I often use the "greater than" symbol, like so: File > New > Text Document.
I've used in the past the arrow mad of two characters "->", but I suspect that might be appalling for screen-readers...
Which one(s) of these options do you prefer? Or something else as a reply if you want.
@stragu android's built in screen reader reads '->' as 'to', but not sure how other ones read it
'→' is read as 'right pointing arrow' which i guess gets the point across too
@stragu Hmm. I never thought much about it. > is read as "greater" where as → is "right arrow", which makes the first a shorter option. I voted for that, but both are fine.
I don't think I use any particular rule for such things. Commas, the . symbol, hell even \ ... whichever I think of first.
@Mayana It's also true that people tend to use different punctuation reading settings. I will most likely see a > character because of my usual configuration, but that doesn't have to be the case. There isn't much you can do about that, it's just something to possibly keep in mind. Any kind of list for stuff like this might be slightly too verbose in my opinion though.
@guilevi @stragu @Mayana I think that with most screen readers at the default punctuation settings a greater will be spoken, it's what I usually use myself. The right arrow emoji is a bit more risky, especially for people using braille. It might get printed out as right arrow in words at best, or a question mark or nothing at worst. So yeah, greater is probably the safest option.
@stragu In my "Rhapsode" auditory web browser I don't verbally read out ">" or "->" aloud by default as anything other than a pause. So I'd advise against those options, but my implementation might be weird.
@alcinnz Why have you decided to implement it like this? It would make reading some math, as well as some other text (like these file menu explanations, as well as X >Y memes) almost impossible.
Afaik, no other screen reader doees this. Or at least, none I've used, with the default symbol reading settings.

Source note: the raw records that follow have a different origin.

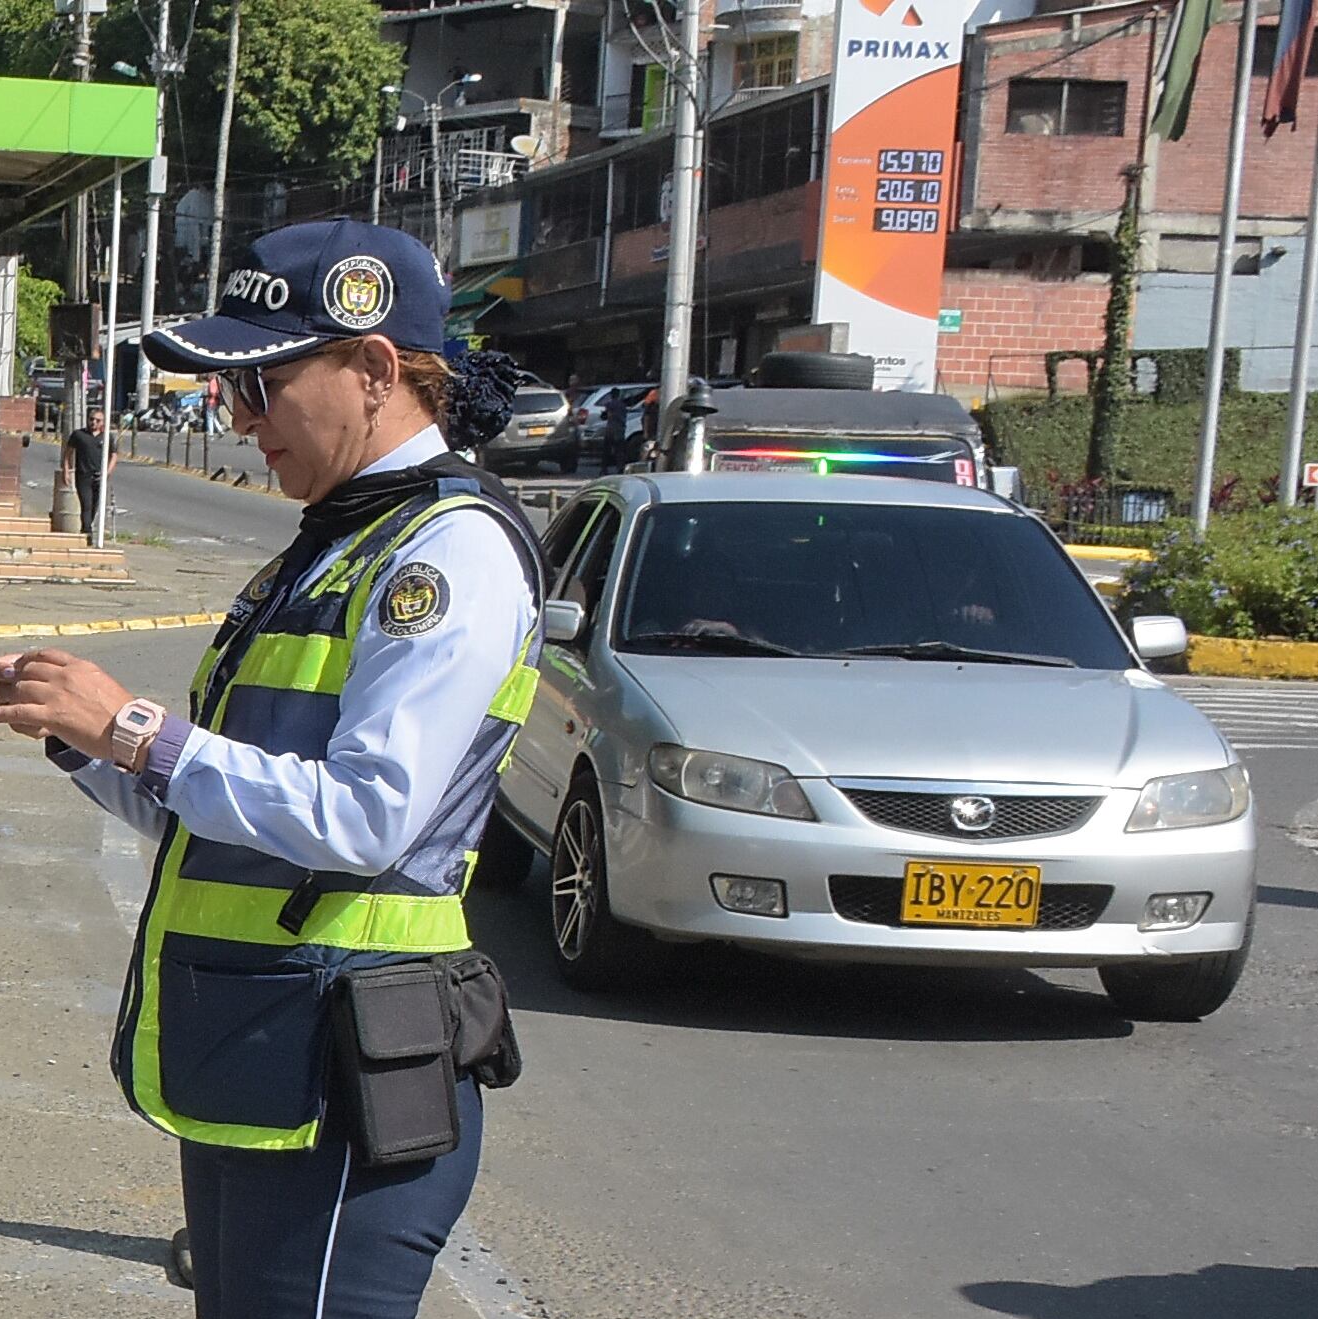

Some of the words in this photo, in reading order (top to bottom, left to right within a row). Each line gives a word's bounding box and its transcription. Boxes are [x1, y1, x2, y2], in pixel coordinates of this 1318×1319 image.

[847, 39, 950, 59] PRIMAX
[909, 872, 968, 907] IBY
[974, 874, 1034, 910] 220
[936, 908, 1002, 922] MANIZALES
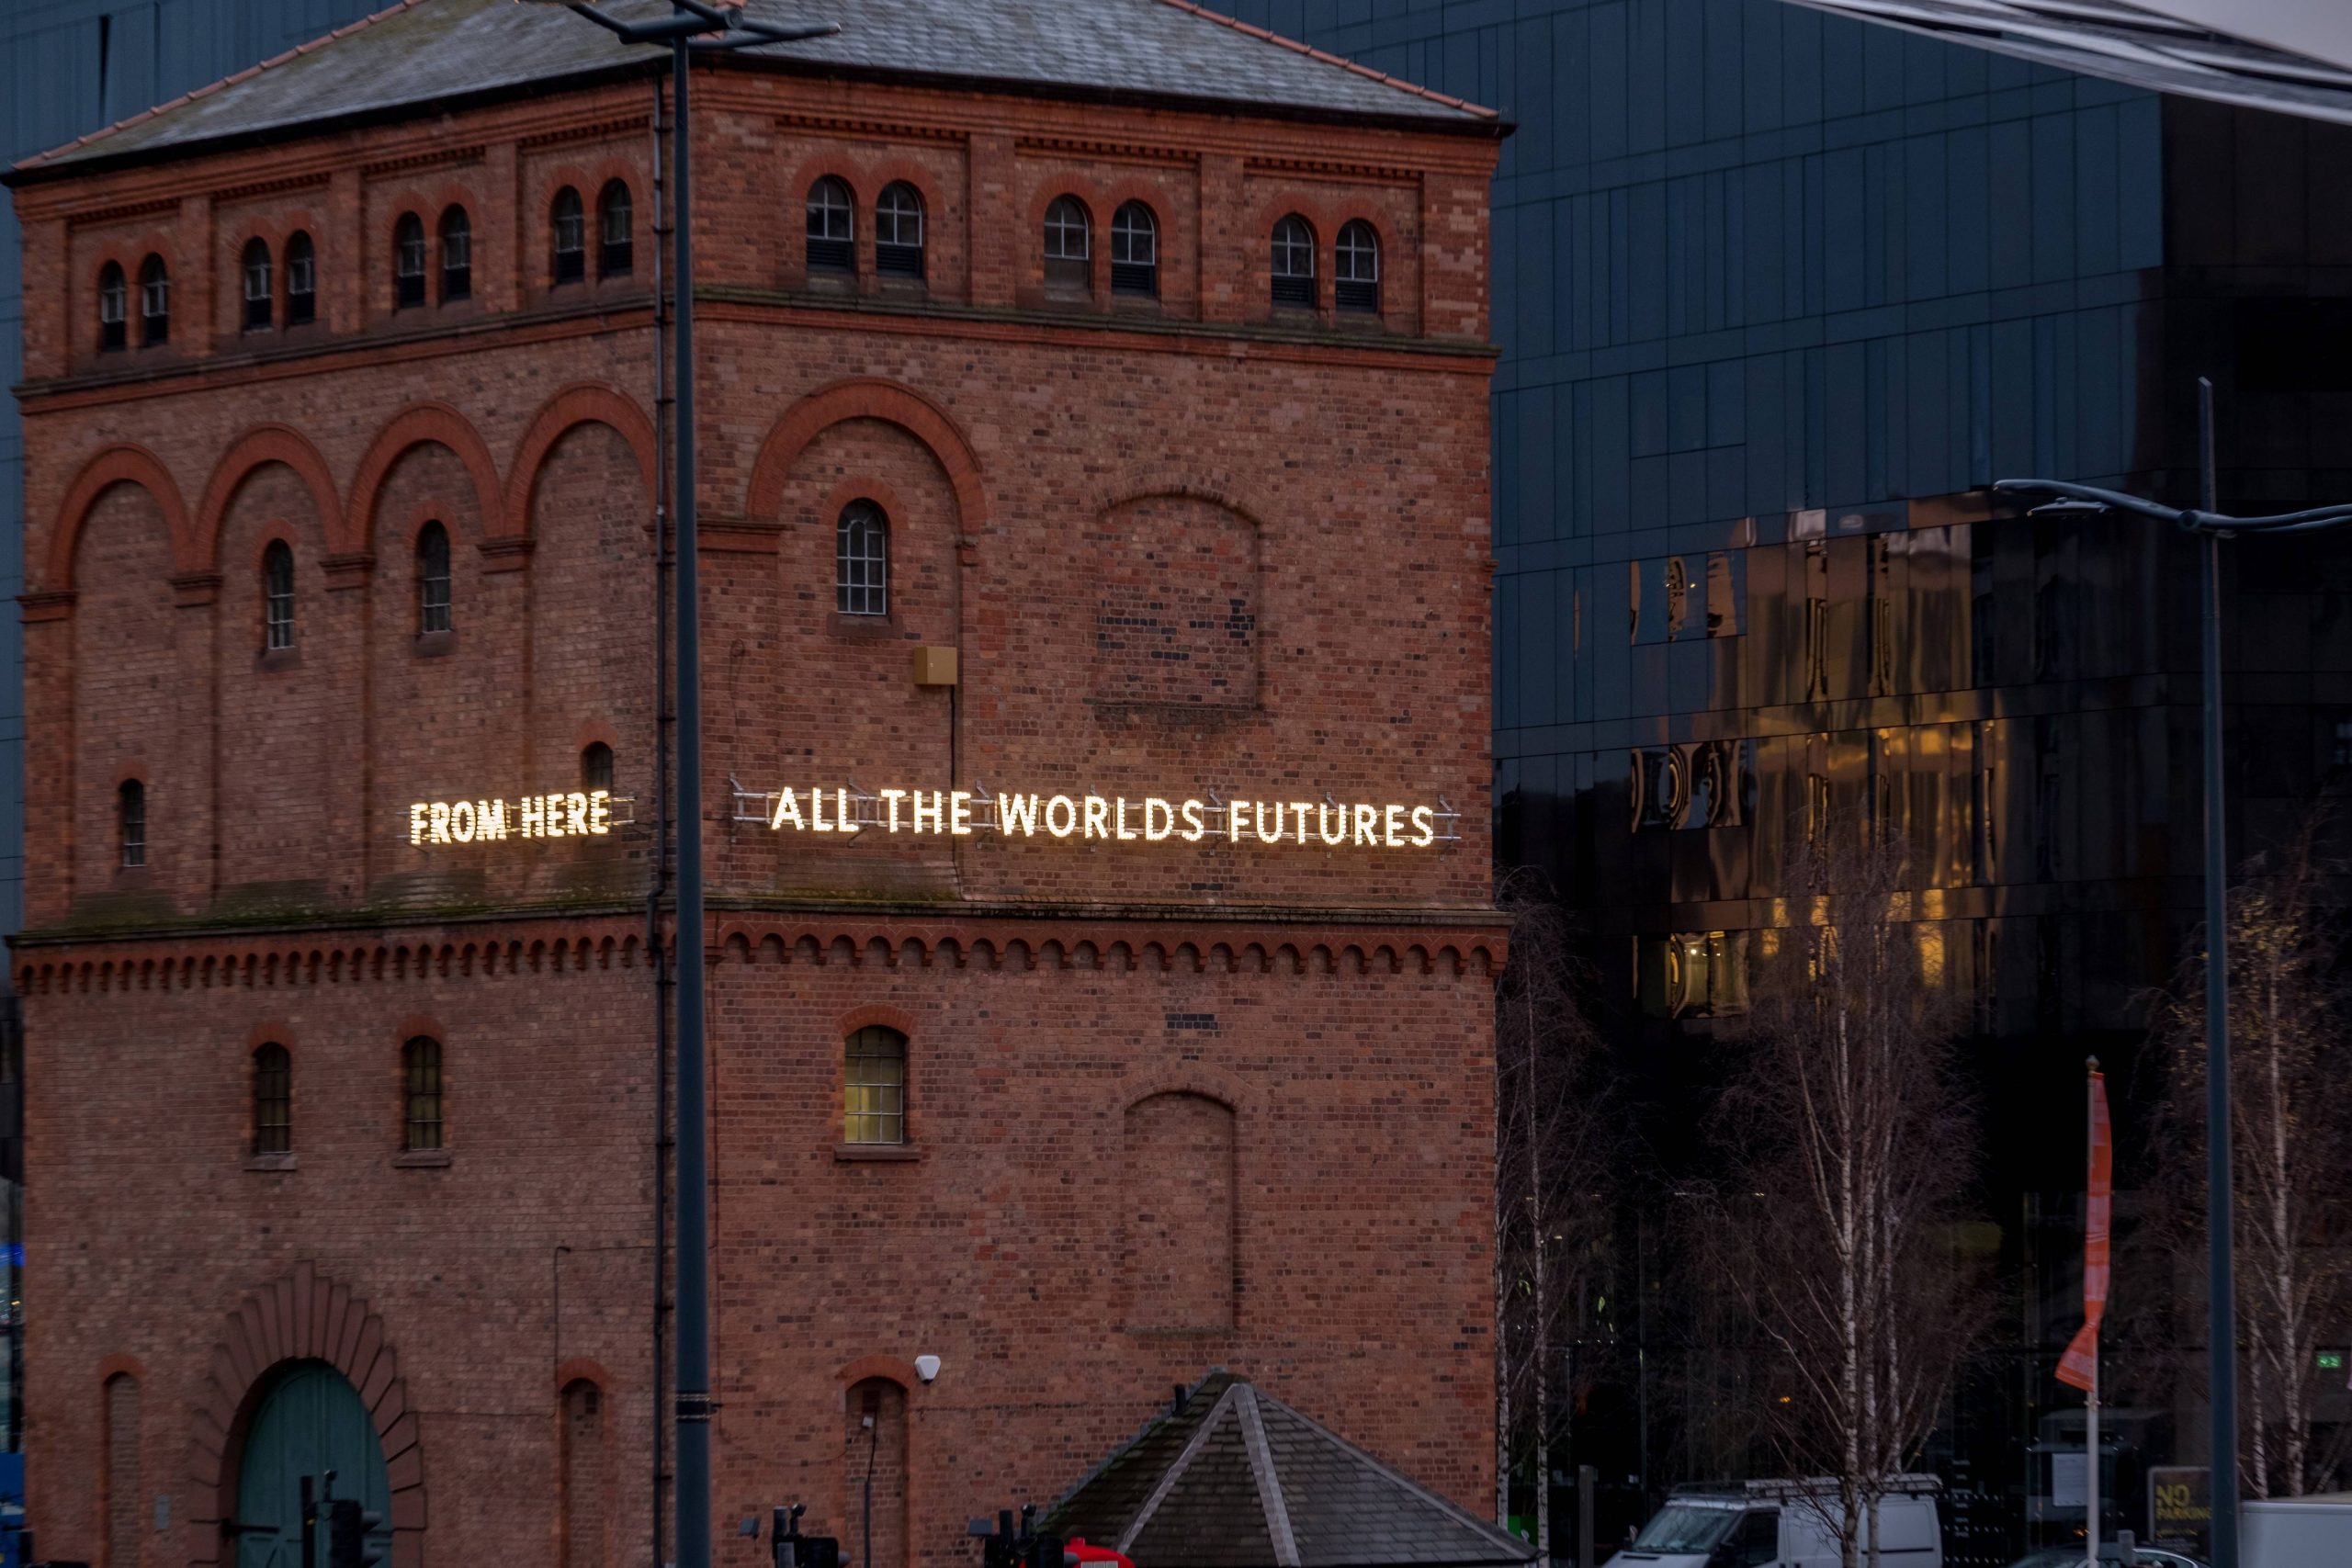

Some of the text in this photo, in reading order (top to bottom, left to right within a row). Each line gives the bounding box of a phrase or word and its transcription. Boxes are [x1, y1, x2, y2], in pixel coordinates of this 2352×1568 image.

[411, 791, 608, 844] FROM HERE
[771, 787, 1435, 847] ALL THE WORLDS FUTURES
[2155, 1483, 2190, 1507] NO

@Mayana @stragu I found webpage text sounded cleaner when it doesn't read punctuation outloud. We humans don't. Apparantly eSpeak NG (which, btw, powers many screenreaders) counts `-` & `>` as punctuation but counts unicode arrow as an emoji...

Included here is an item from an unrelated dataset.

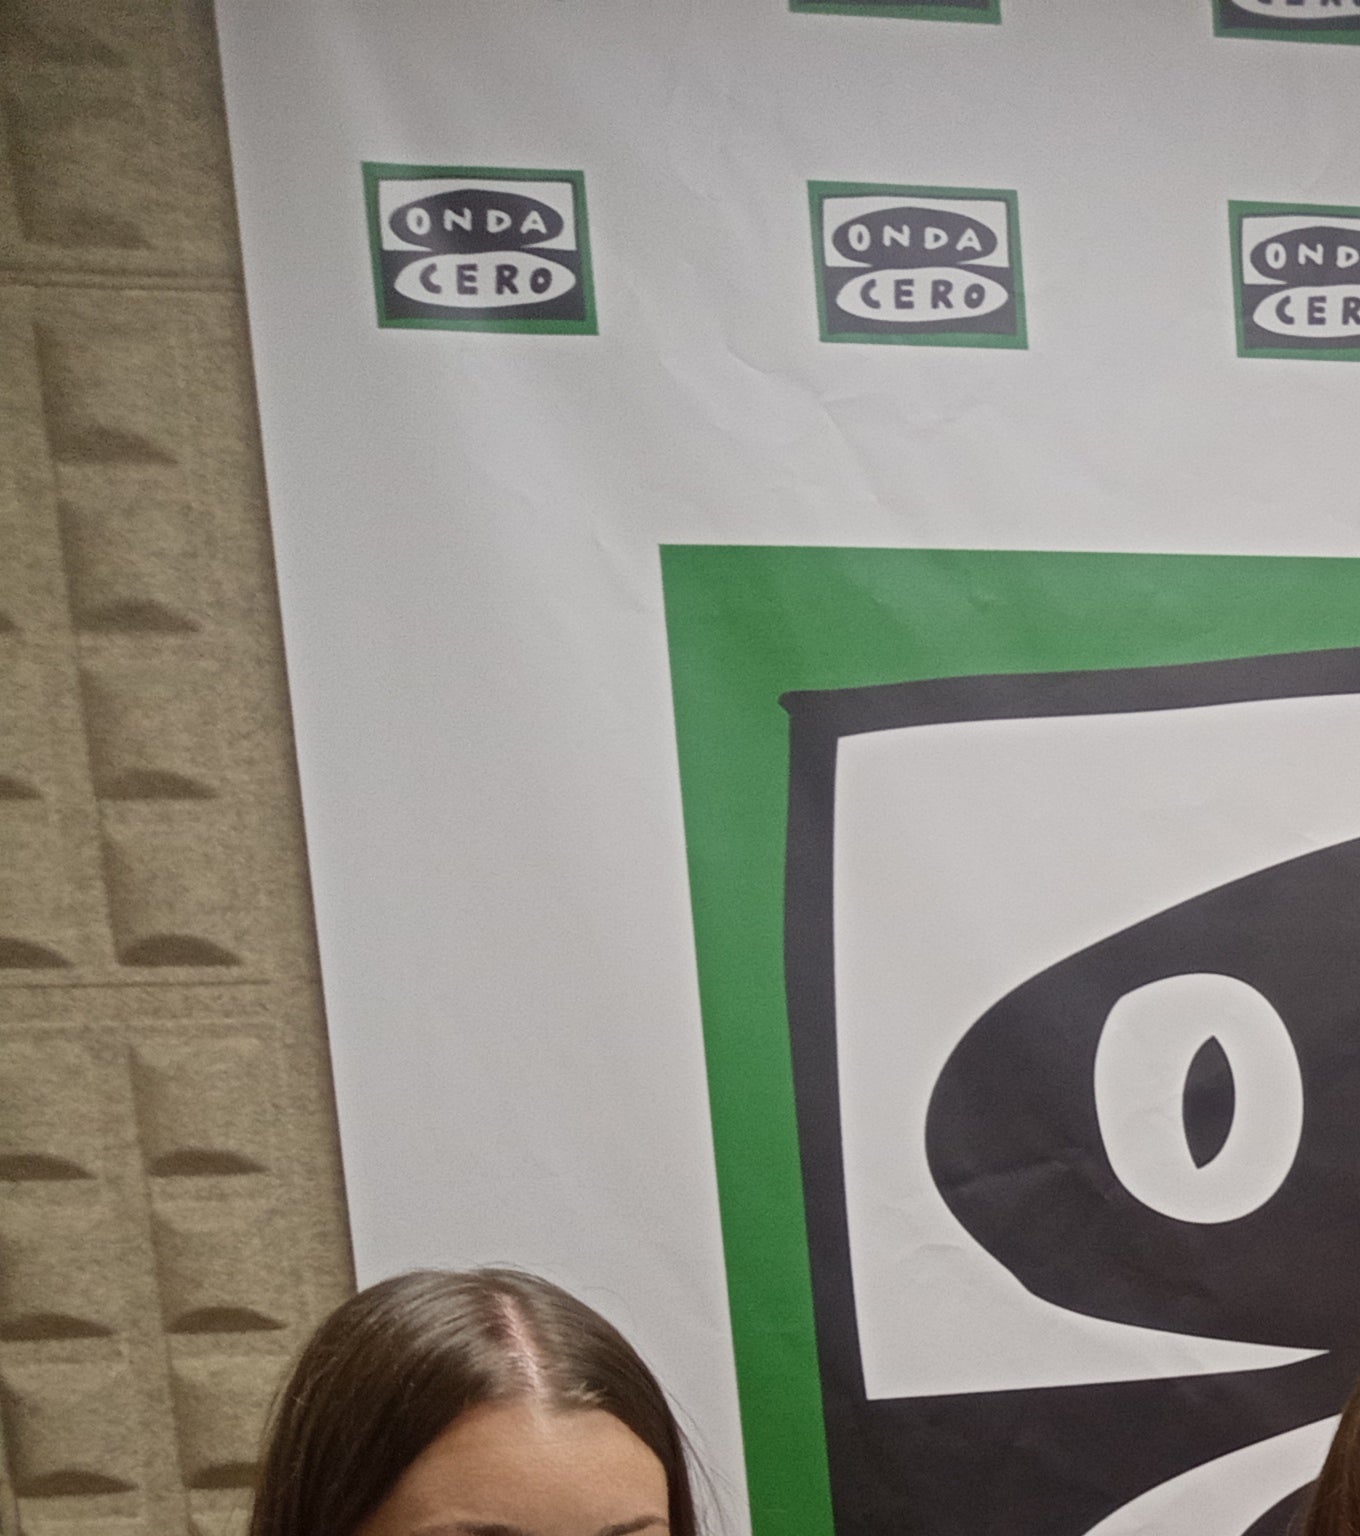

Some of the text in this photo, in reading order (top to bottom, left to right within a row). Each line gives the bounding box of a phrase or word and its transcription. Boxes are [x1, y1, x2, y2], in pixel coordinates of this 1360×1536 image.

[405, 206, 548, 236] ONDA
[848, 223, 982, 252] ONDA
[419, 263, 554, 296] CERO
[859, 278, 986, 310] CERO

Incidentally you can alter this default with the `speak-as: literal-punctuation` CSS property.
@alcinnz Hmm. If the choice is just between reading *all* or no punctuation, I suppose I can understand your decision. Most screen readers have a few more stages in-between, with additional dictionaries on top, but that might be out of scope for an internet browser.
Personally I don't mind the lack of "humanity" because of punctuation being read; I much prefer that to things being skipped or replaced with identical-sounding pauses, which means a loss of plenty of context. But hey, I've been listening to TTS all my life, so I'm hella biased! It all depends on what you're using it for, I suppose.
Now I'm wondering whether this could be something useful to contribute upstream? Could doing so help make Orca nicer? I don't know.
Btw my primary goal is concision; to describe page structure using tone of voice rather than verbose descriptions. It's a little weird to say I'm going for humanity when using eSpeak NG, but there is truth to that...
@stragu I want to see the results. Personally I prefer the right arrow, encoded as utf8, but in some systems (confluence) these look weird so I use > instead. I don't use screen readers, so I won't vote.
@stragu I've always used |
e.g. File | New | Text Document
...maybe I should change to the winner of this survey.
@stragu I'm surprised so many screen reader users voted for the right arrow symbol considering that not all screen readers or TTS extensions can parse that by default, and some can't even be customized to do so.